■ Aim of the exercise
Output the whole listing below exactly, omitting the images.

::::::::

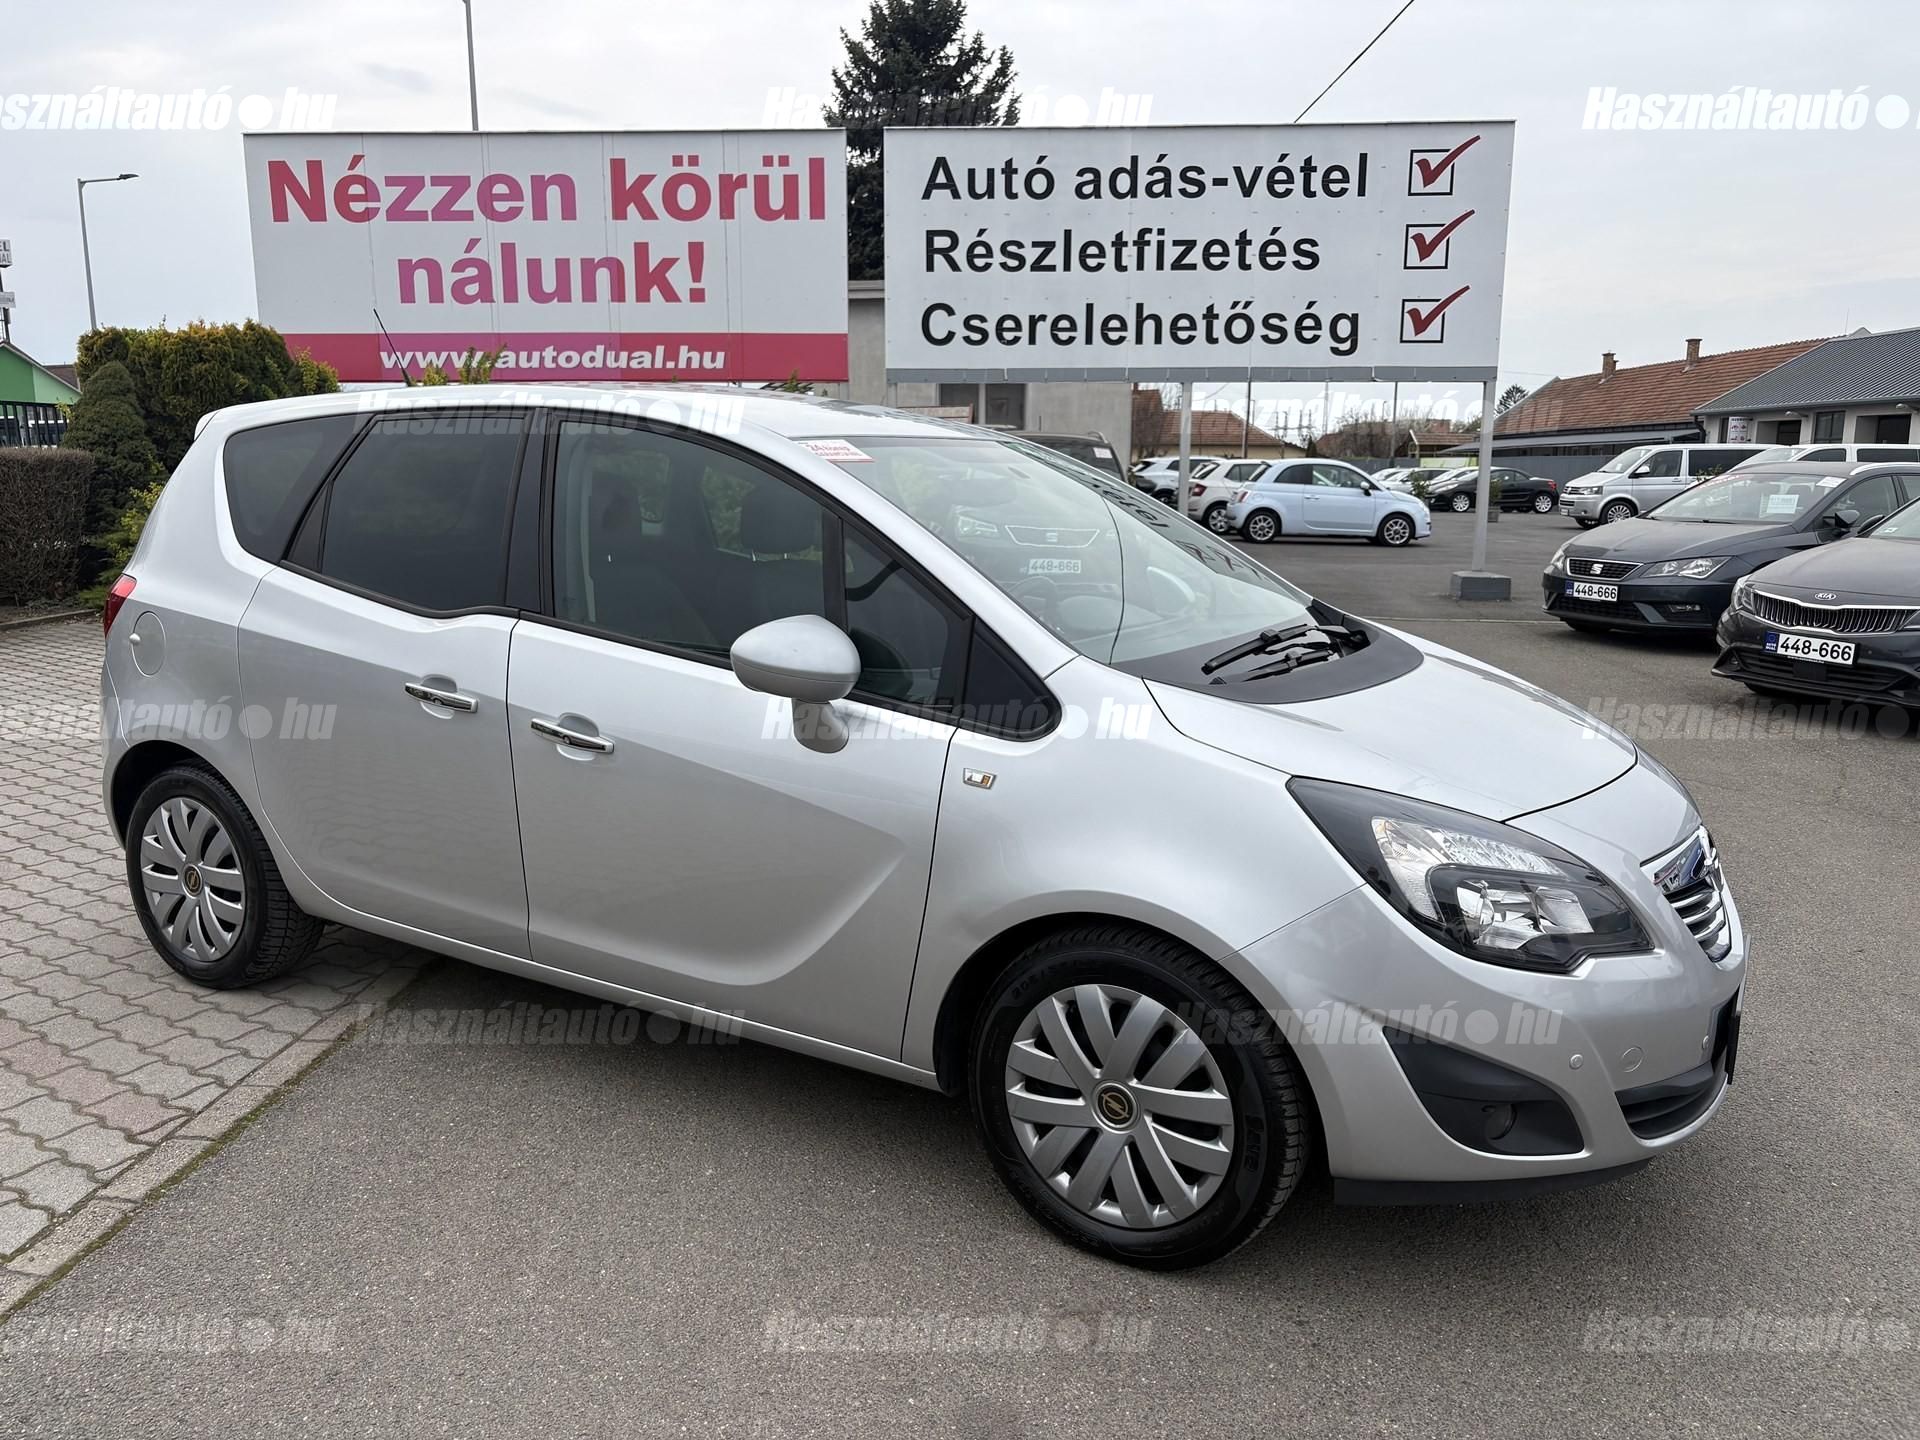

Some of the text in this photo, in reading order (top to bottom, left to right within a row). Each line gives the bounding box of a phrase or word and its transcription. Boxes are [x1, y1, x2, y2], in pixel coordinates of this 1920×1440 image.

[268, 154, 825, 223] Nézzen körül
[921, 153, 1368, 200] Autó adás-vétel
[397, 238, 706, 305] nálunk!
[925, 227, 1320, 273] Részletfizetés
[921, 300, 1359, 356] Cserelehetőség
[1574, 583, 1617, 599] 448-666
[1780, 636, 1852, 661] 448-666

::::::::

■ Finished exercise
Some of the text in this photo, in reading order (top to bottom, left to right within a row). Each line gives the bounding box of a phrase or word and its transcription. Boxes are [x1, y1, x2, y2], in pixel coordinates of this 1920×1440 image.

[268, 154, 825, 223] Nézzen körül
[921, 153, 1368, 200] Autó adás-vétel
[397, 238, 706, 305] nálunk!
[925, 227, 1320, 273] Részletfizetés
[921, 300, 1359, 356] Cserelehetőség
[1574, 583, 1617, 599] 448-666
[1780, 636, 1852, 661] 448-666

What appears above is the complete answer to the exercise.